Reproduce every record below exactly as written, leaving out any pictures.

→ **Supplied material**:
-- Opening Marker --
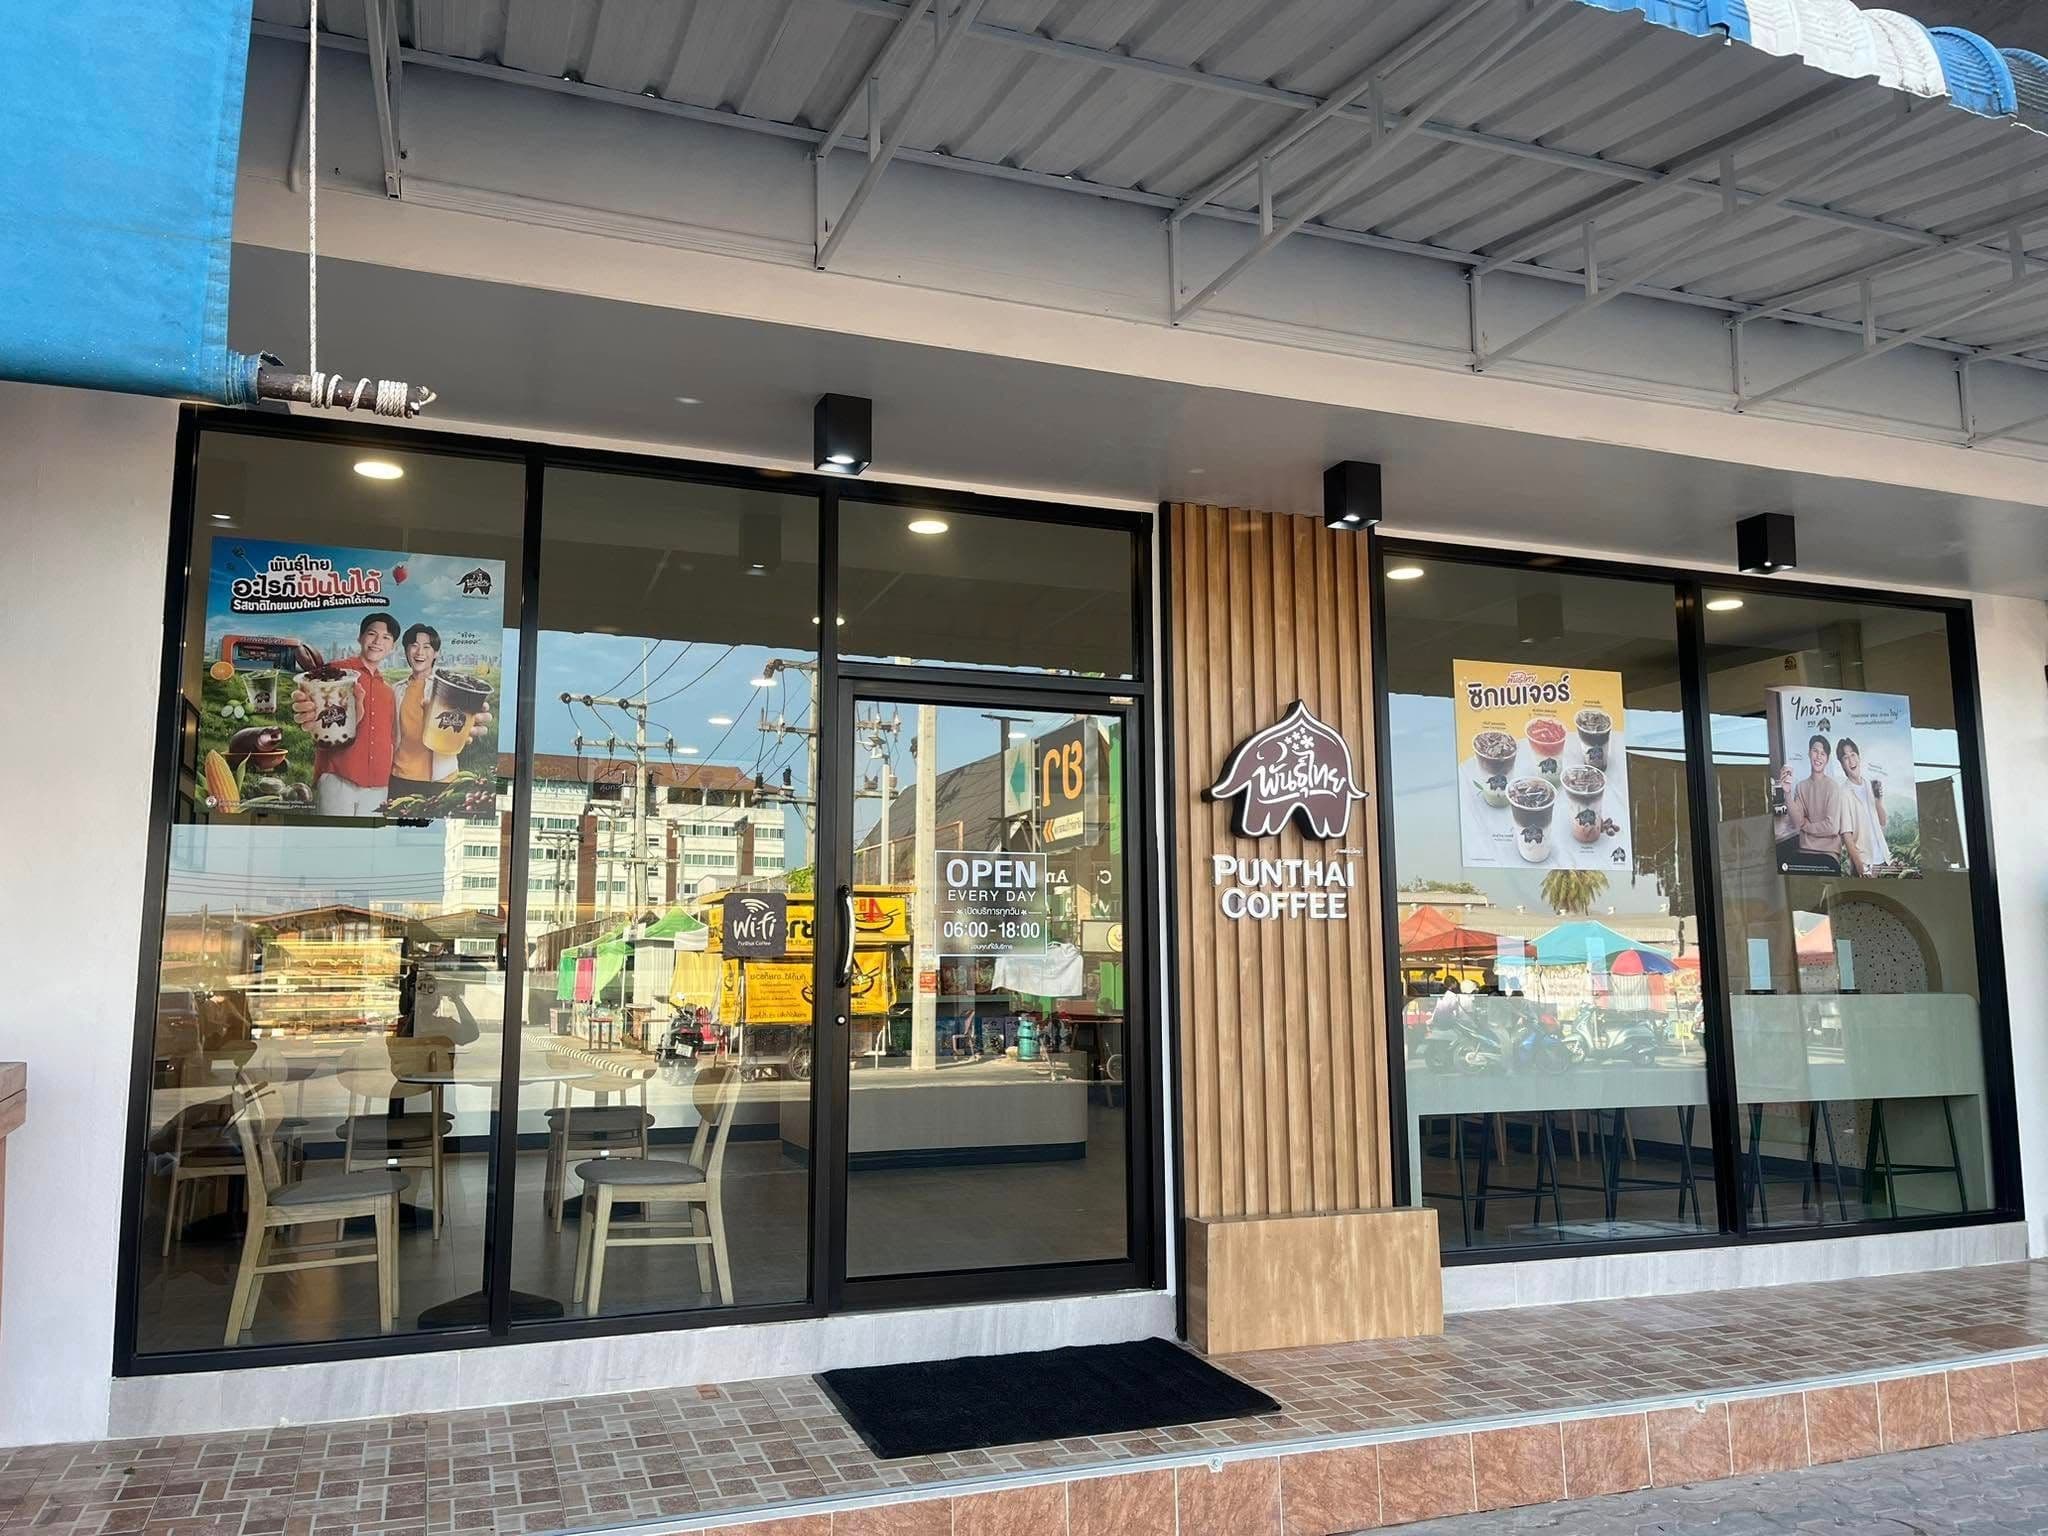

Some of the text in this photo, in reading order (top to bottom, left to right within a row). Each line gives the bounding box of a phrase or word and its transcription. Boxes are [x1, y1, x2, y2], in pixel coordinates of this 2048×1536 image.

[270, 555, 330, 573] พันธุ์ไทย
[233, 569, 381, 597] อะไรก็เป็นไปได้
[1468, 675, 1570, 708] ซิกเนเจอร์
[1252, 749, 1346, 799] พันธุ์ไทย
[946, 858, 1037, 888] OPEN
[1212, 853, 1355, 887] PUNTHAI
[948, 890, 1037, 902] EVERY DAY
[1221, 886, 1347, 919] COFFEE
[965, 906, 1020, 917] เปิดบริการทุกวัน
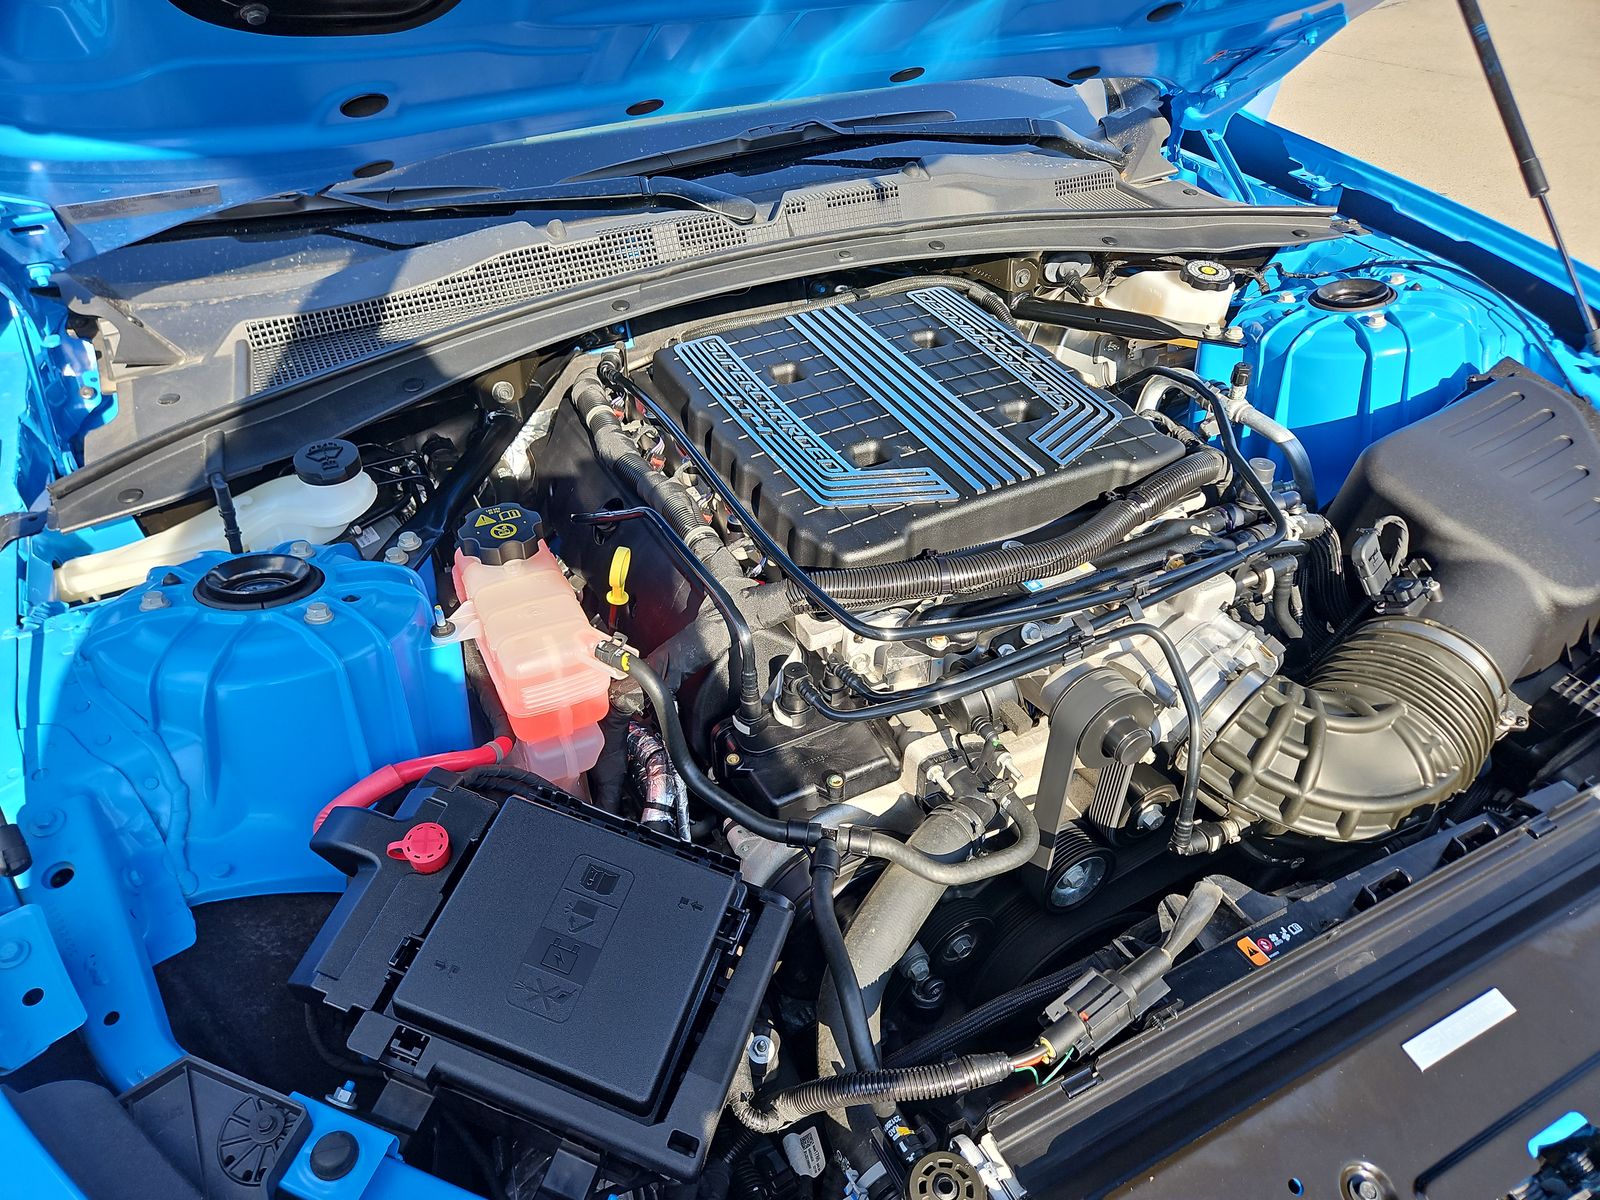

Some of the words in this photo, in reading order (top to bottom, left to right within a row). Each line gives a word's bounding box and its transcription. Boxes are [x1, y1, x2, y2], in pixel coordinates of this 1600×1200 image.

[914, 292, 1069, 408] SUPERCHARGED
[987, 329, 1042, 366] LT4
[703, 340, 843, 474] SUPERCHARGED
[727, 394, 774, 435] LT4
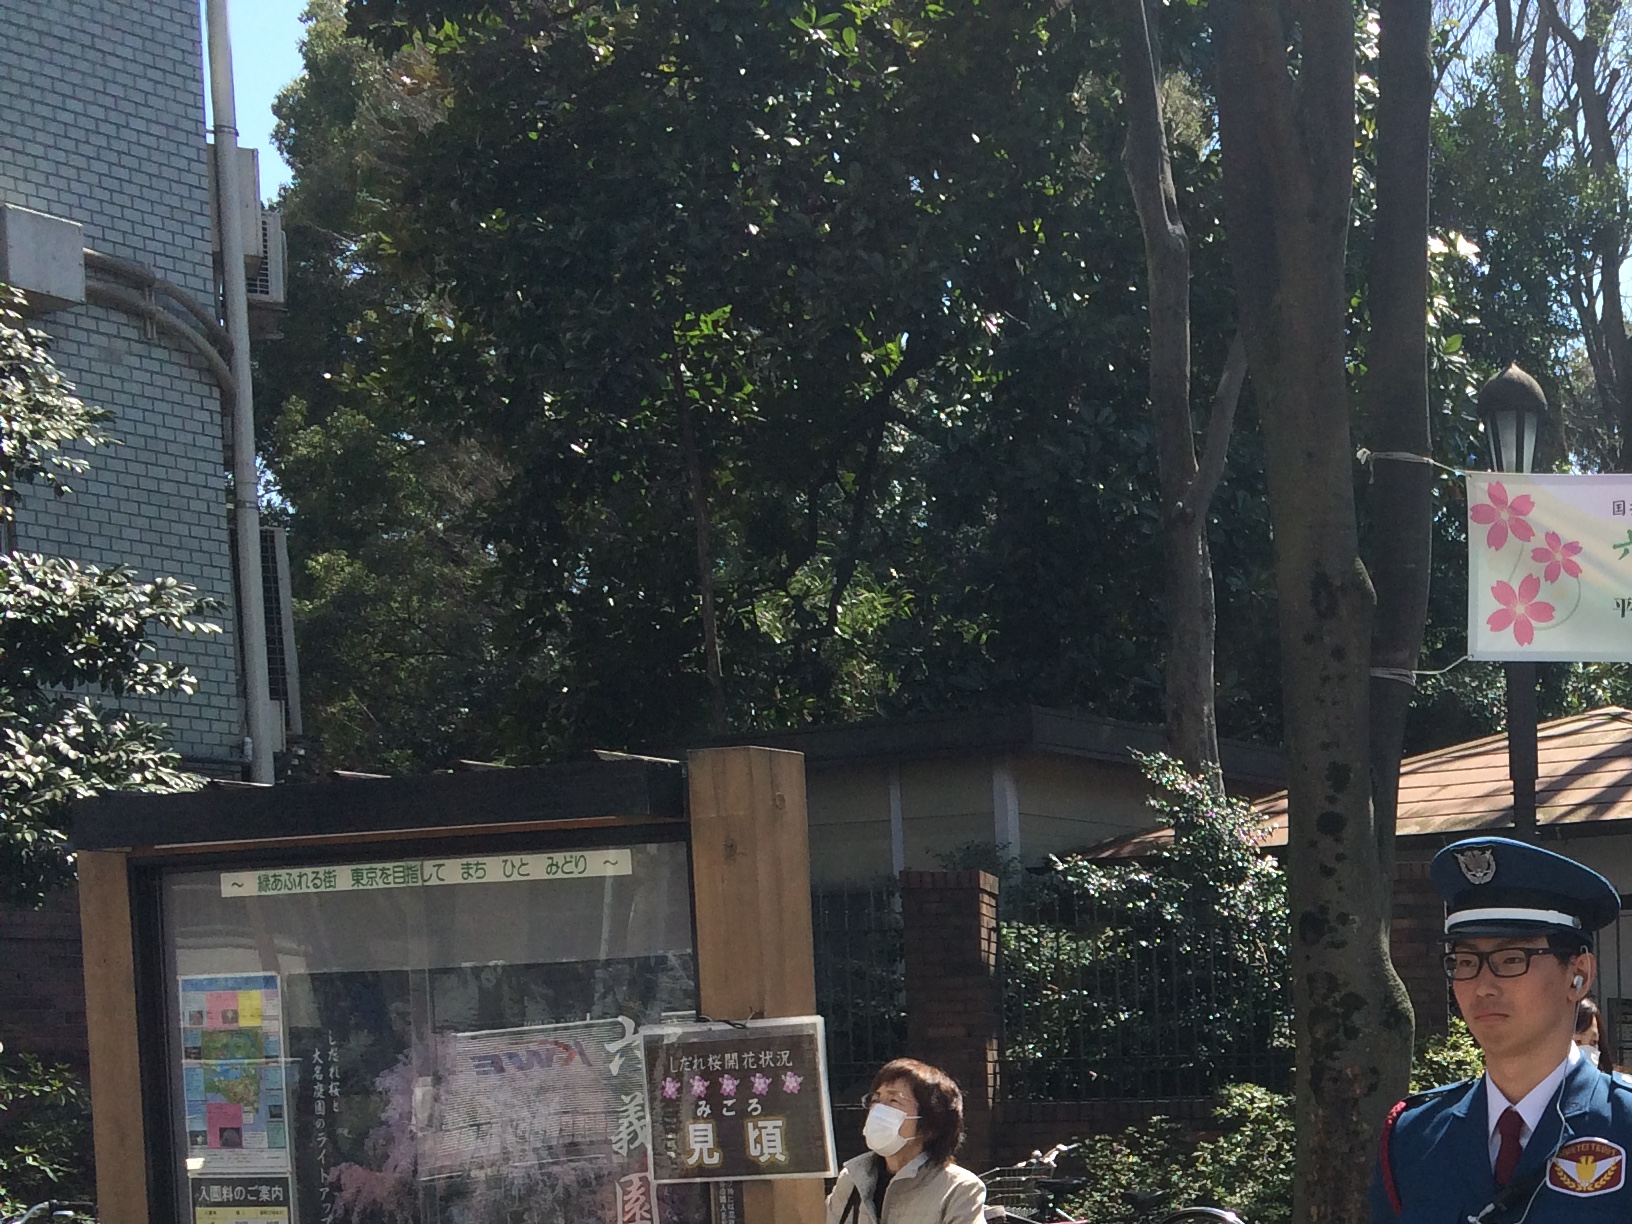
-- Closing Marker --
→ **Completed exercise**:
Some of the text in this photo, in reading order (top to bottom, left to right within a row). Each line gives the bounding box of a phrase or word and its transcription. Boxes are [x1, y1, x2, y2], in pixel coordinates of this 2048×1536 image.

[270, 555, 330, 573] พันธุ์ไทย
[233, 569, 381, 597] อะไรก็เป็นไปได้
[1468, 675, 1570, 708] ซิกเนเจอร์
[1252, 749, 1346, 799] พันธุ์ไทย
[946, 858, 1037, 888] OPEN
[1212, 853, 1355, 887] PUNTHAI
[948, 890, 1037, 902] EVERY DAY
[1221, 886, 1347, 919] COFFEE
[965, 906, 1020, 917] เปิดบริการทุกวัน

Some of the words in this photo, in reading order (top to bottom, left to right within a row). Each line gives a word's bounding box and its transcription. Boxes are [x1, y1, x2, y2], in pixel coordinates of this 1600×1200 image.

[914, 292, 1069, 408] SUPERCHARGED
[987, 329, 1042, 366] LT4
[703, 340, 843, 474] SUPERCHARGED
[727, 394, 774, 435] LT4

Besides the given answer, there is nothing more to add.